EXERCISE INSTRUCTIONS: Below is a set of entries. Print the line that contains "this 1600×1010 image." and every later line word for word, through the final one.

DATA RECORDS:
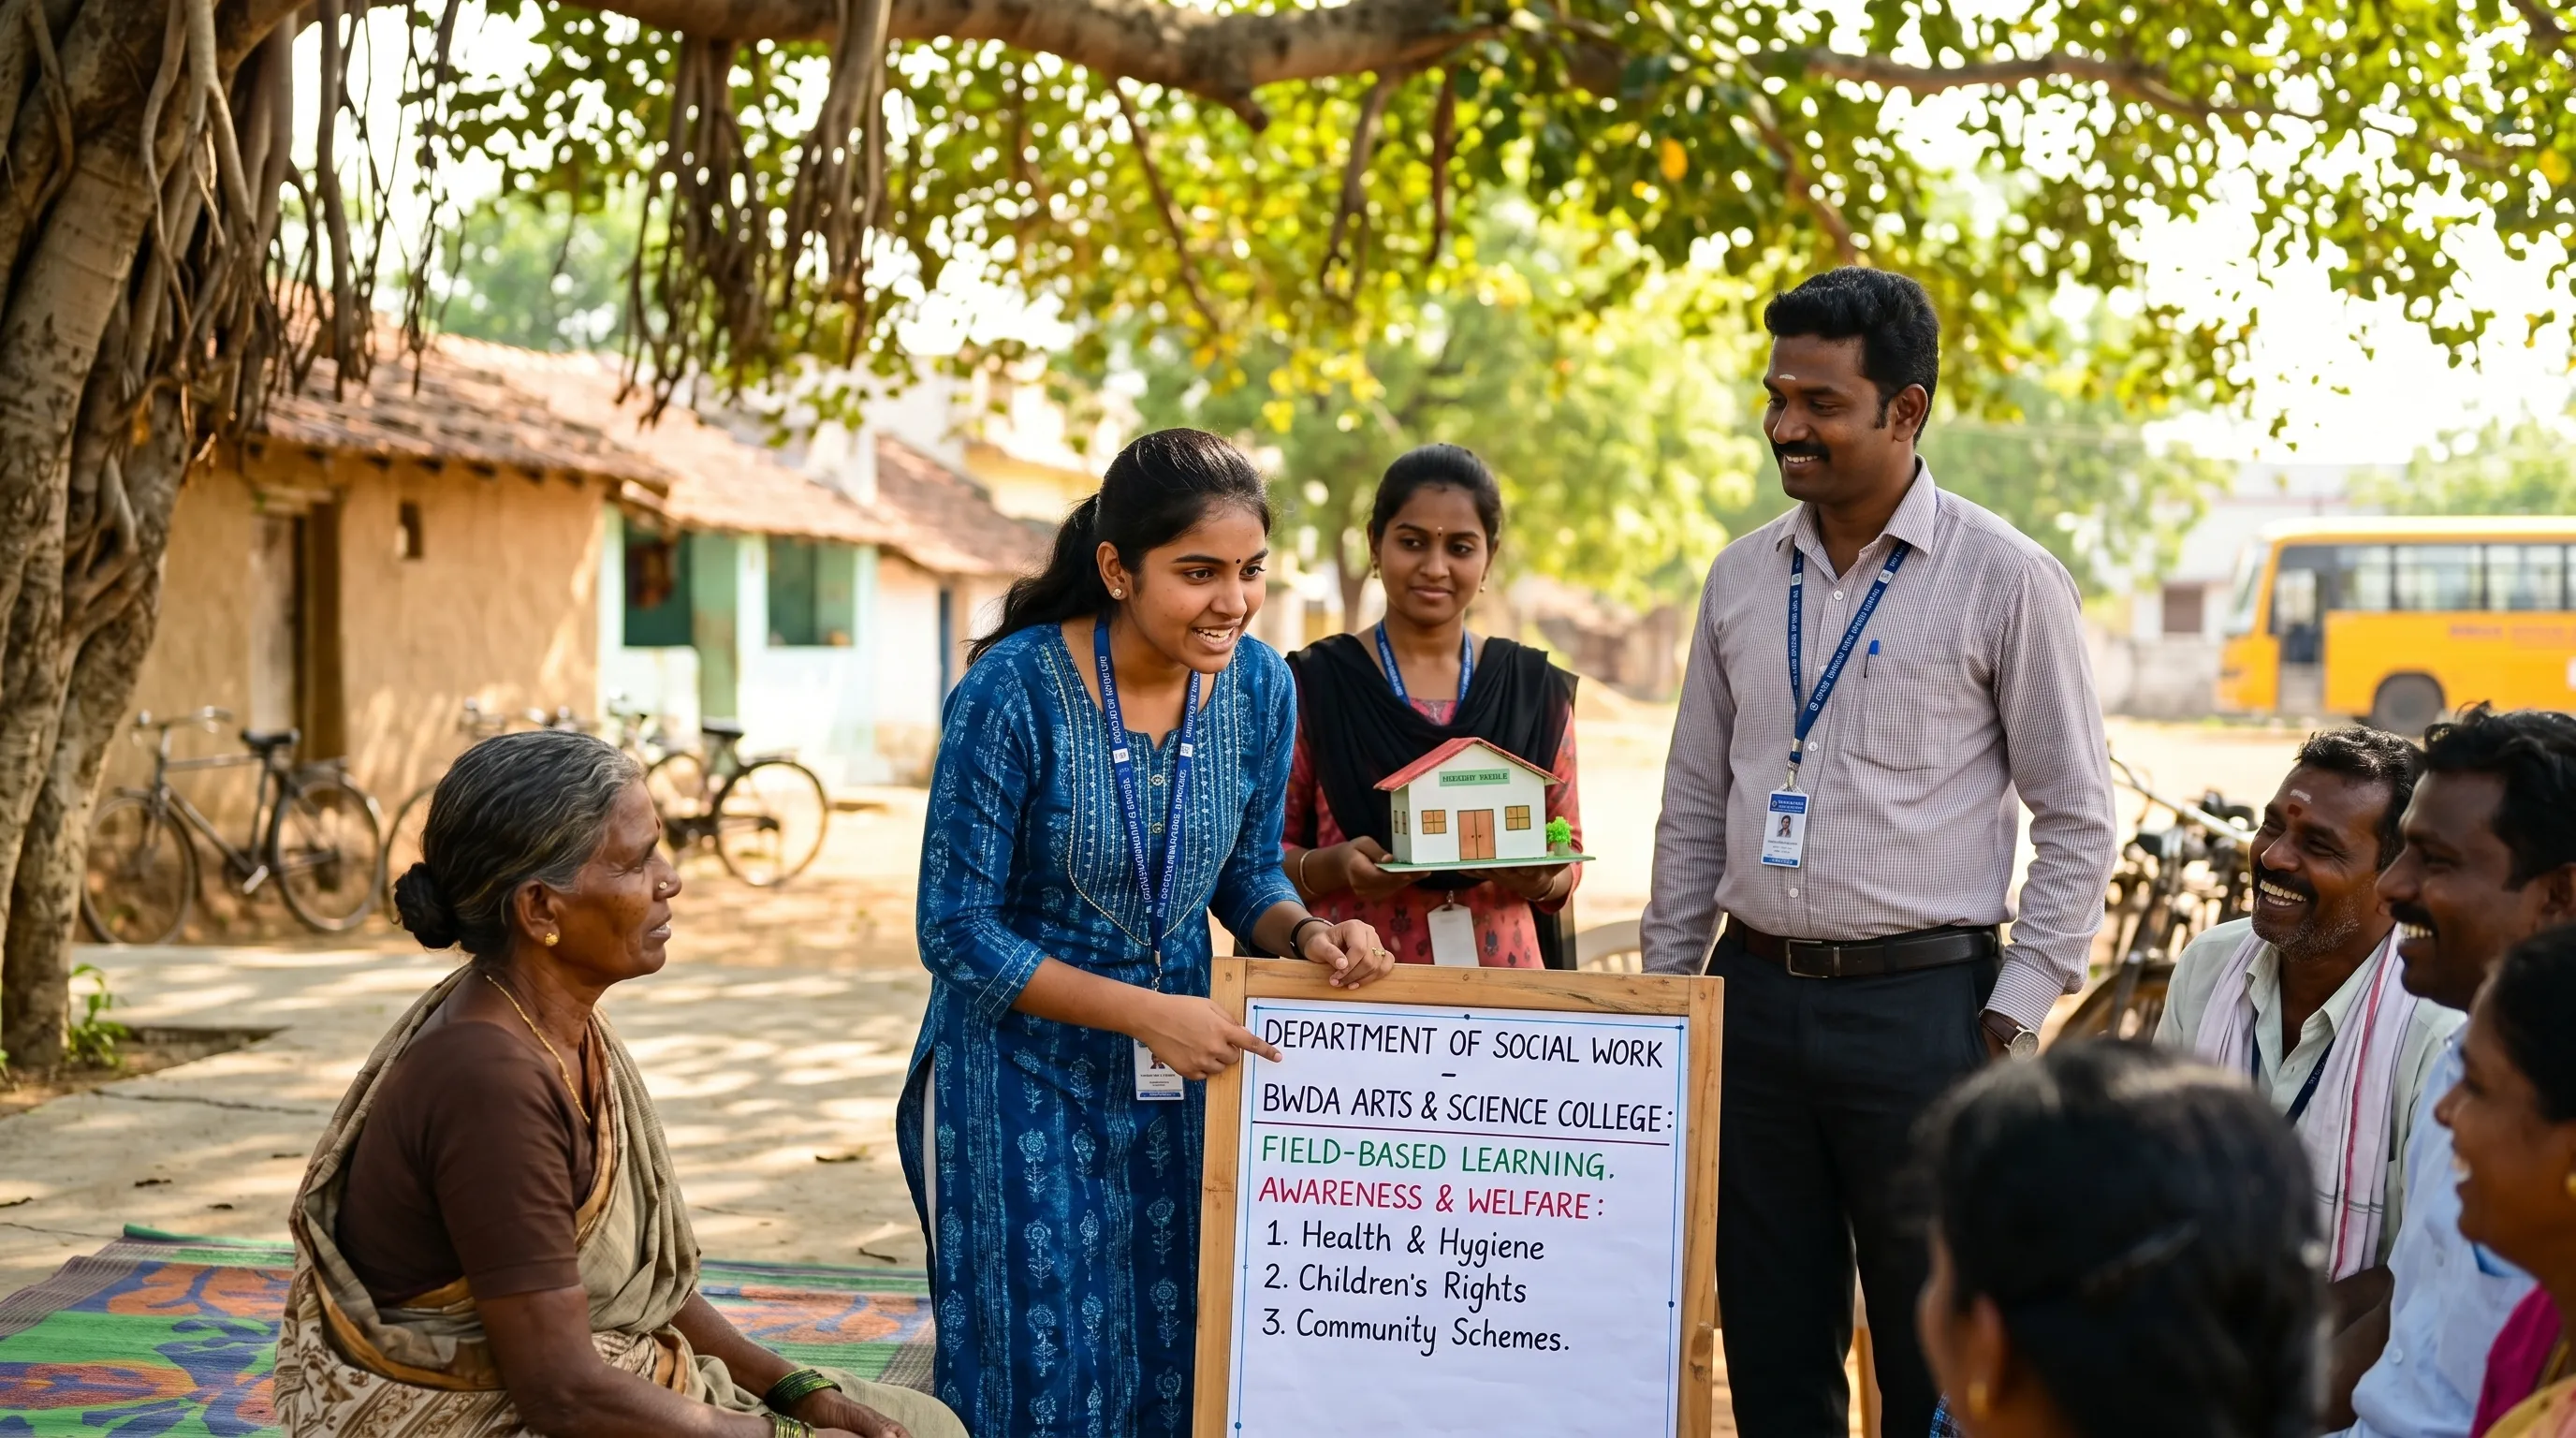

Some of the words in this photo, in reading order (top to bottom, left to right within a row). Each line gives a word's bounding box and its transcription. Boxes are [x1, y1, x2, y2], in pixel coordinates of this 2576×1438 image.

[1265, 1019, 1438, 1055] DEPARTMENT
[1449, 1029, 1483, 1057] OF
[1492, 1031, 1580, 1064] SOCIAL
[1591, 1036, 1663, 1069] WORK
[1263, 1082, 1341, 1115] BWDA
[1350, 1088, 1412, 1119] ARTS
[1420, 1091, 1438, 1122] &
[1446, 1093, 1549, 1125] SCIENCE
[1558, 1099, 1674, 1133] COLLEGE:
[1262, 1135, 1446, 1170] FIELD-BASED
[1461, 1146, 1615, 1181] LEARNING.
[1258, 1176, 1423, 1211] AWARENESS
[1435, 1183, 1455, 1213] &
[1266, 1219, 1288, 1247] 1.
[1302, 1219, 1392, 1253] Health
[1406, 1225, 1426, 1255] &
[1440, 1226, 1544, 1269] Hygiene
[1264, 1263, 1288, 1290] 2.
[1298, 1263, 1427, 1298] Children's
[1443, 1270, 1527, 1314] Rights
[1262, 1307, 1286, 1336] 3.
[1296, 1308, 1437, 1357] Community
[1451, 1316, 1571, 1352] Schemes.
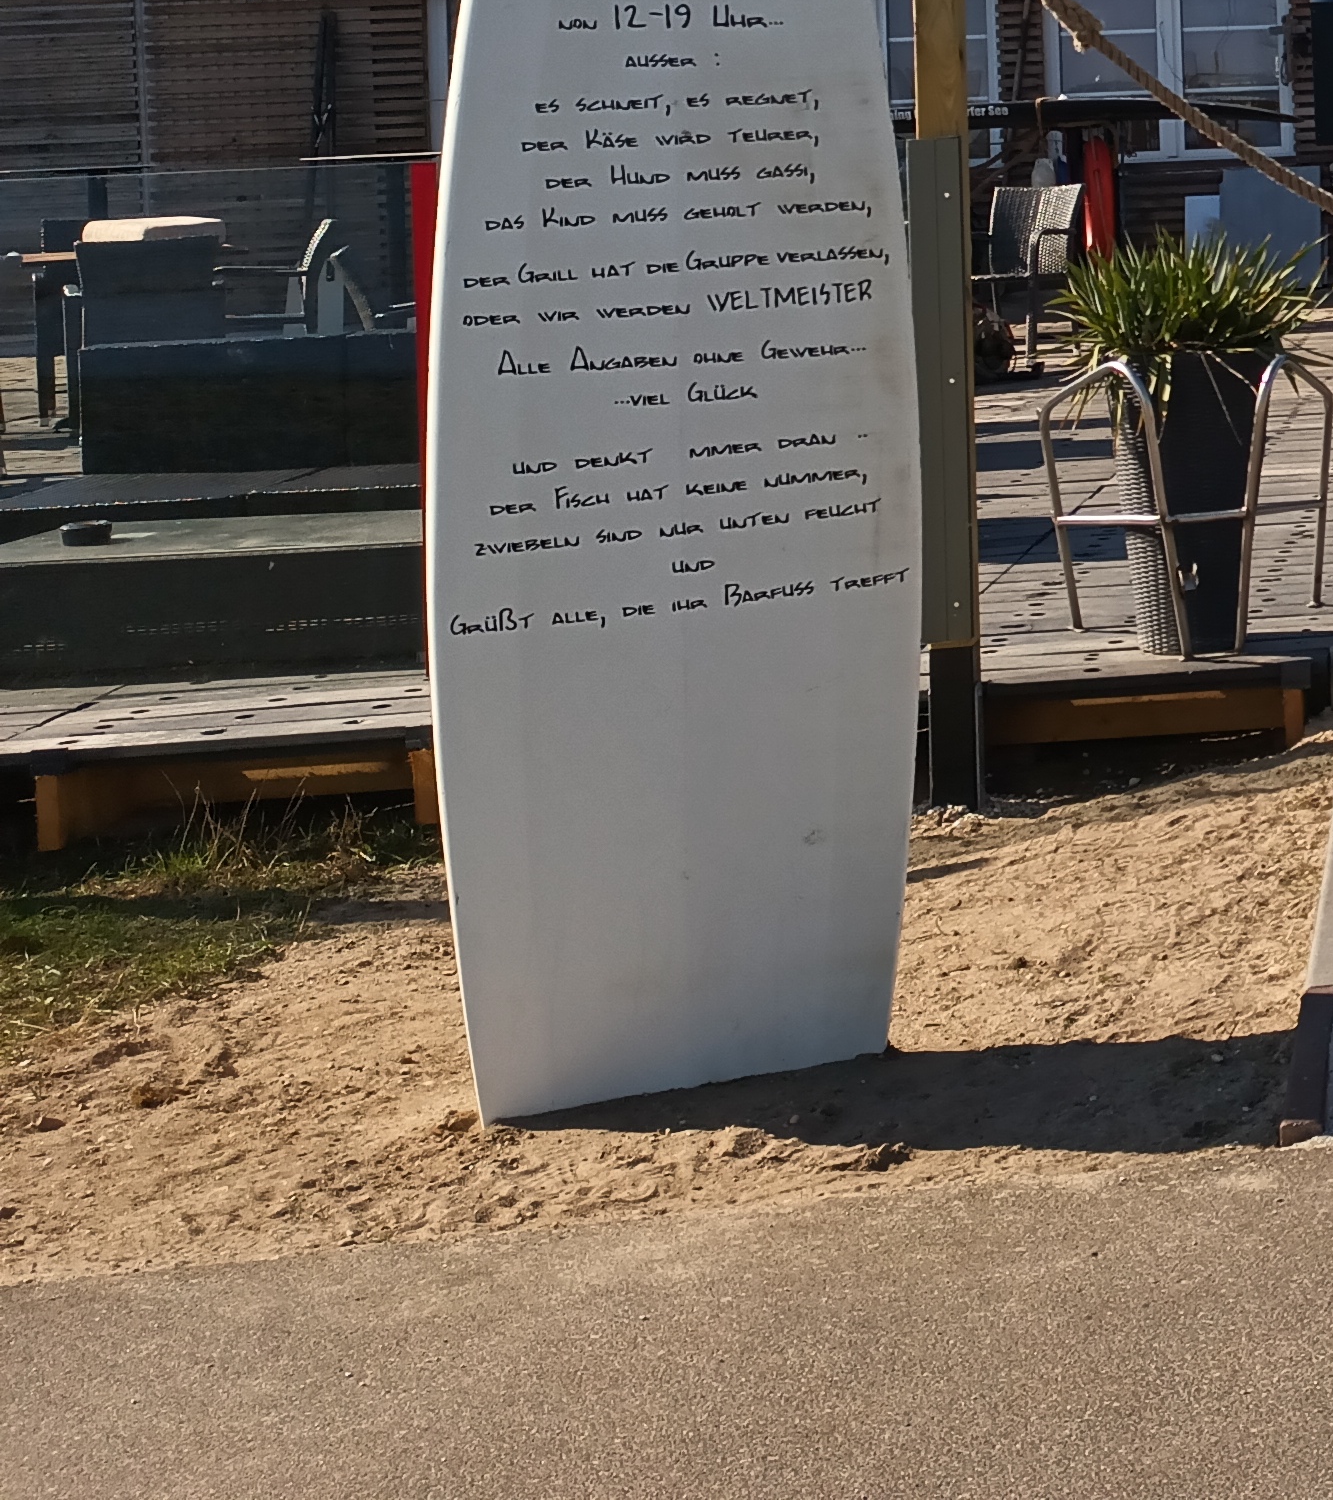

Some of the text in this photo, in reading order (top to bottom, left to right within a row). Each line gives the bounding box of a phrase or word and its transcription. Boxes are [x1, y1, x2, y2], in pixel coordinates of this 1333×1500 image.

[614, 3, 691, 31] 12-19
[534, 88, 819, 117] ES SCHNEIT, ES REGNET,
[520, 128, 819, 153] DER KÄSE WIRD TEURER,
[544, 163, 815, 190] DER HUND MUSS GASSI,
[484, 200, 872, 232] DAS KIND MUSS GEHOLT WERDEN,
[462, 245, 890, 289] DER GRILL HAT DIE GRUPPE VERLASSEN,
[462, 278, 873, 327] ODER WIR WERDEN WELTMEISTER
[497, 349, 552, 376] ALLE
[569, 345, 678, 372] ANGABEN
[693, 351, 745, 365] OHNE
[687, 381, 759, 403] GLÜCK
[512, 461, 558, 475] UND
[574, 447, 654, 470] DENKT
[777, 433, 837, 450] DRAN
[489, 468, 868, 516] DER FISCH HAT KEINE NUMMER,
[474, 497, 882, 557] ZWIEBELN SIND NUR UNTEN FEUCHT
[671, 559, 716, 574] UND
[551, 610, 606, 629] ALLE,
[621, 604, 656, 618] DIE
[671, 599, 708, 613] IHR
[724, 580, 815, 608] BARFUSS
[829, 567, 910, 592] TREFFT
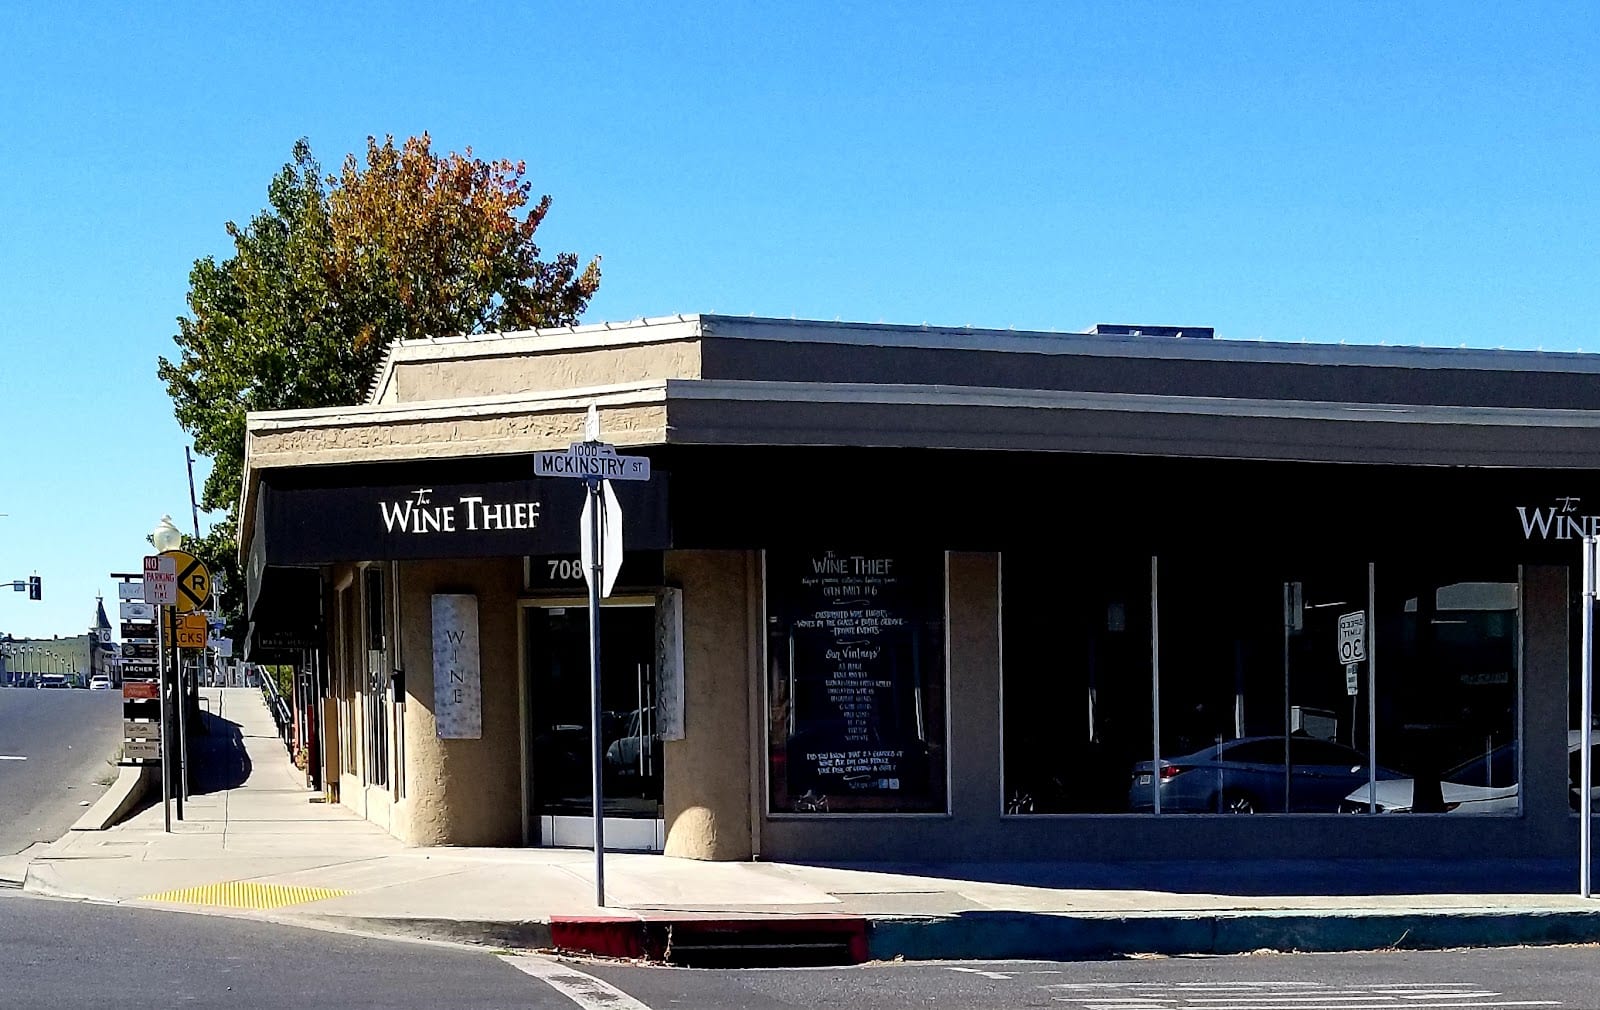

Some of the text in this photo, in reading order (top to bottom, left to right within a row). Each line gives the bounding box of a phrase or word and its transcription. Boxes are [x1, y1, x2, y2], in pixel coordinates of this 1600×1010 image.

[575, 446, 598, 457] 1000
[542, 455, 643, 475] MCKINSTRY ST
[410, 488, 433, 506] The
[1555, 496, 1581, 513] The
[378, 497, 541, 534] WINE THIEF
[145, 557, 158, 570] NO
[547, 559, 583, 580] 708
[812, 555, 894, 575] WINE THIEF
[146, 573, 175, 582] PARKING
[192, 575, 206, 591] R
[154, 583, 166, 591] ANY
[125, 665, 153, 673] ARCHER
[446, 630, 465, 704] WINE

EXERCISE RESPONSE:
Some of the text in this photo, in reading order (top to bottom, left to right within a row). Each line gives the bounding box of a phrase or word and its transcription. Boxes are [x1, y1, x2, y2], in pixel coordinates of this 1600×1010 image.

[575, 446, 598, 457] 1000
[542, 455, 643, 475] MCKINSTRY ST
[410, 488, 433, 506] The
[1555, 496, 1581, 513] The
[378, 497, 541, 534] WINE THIEF
[145, 557, 158, 570] NO
[547, 559, 583, 580] 708
[812, 555, 894, 575] WINE THIEF
[146, 573, 175, 582] PARKING
[192, 575, 206, 591] R
[154, 583, 166, 591] ANY
[125, 665, 153, 673] ARCHER
[446, 630, 465, 704] WINE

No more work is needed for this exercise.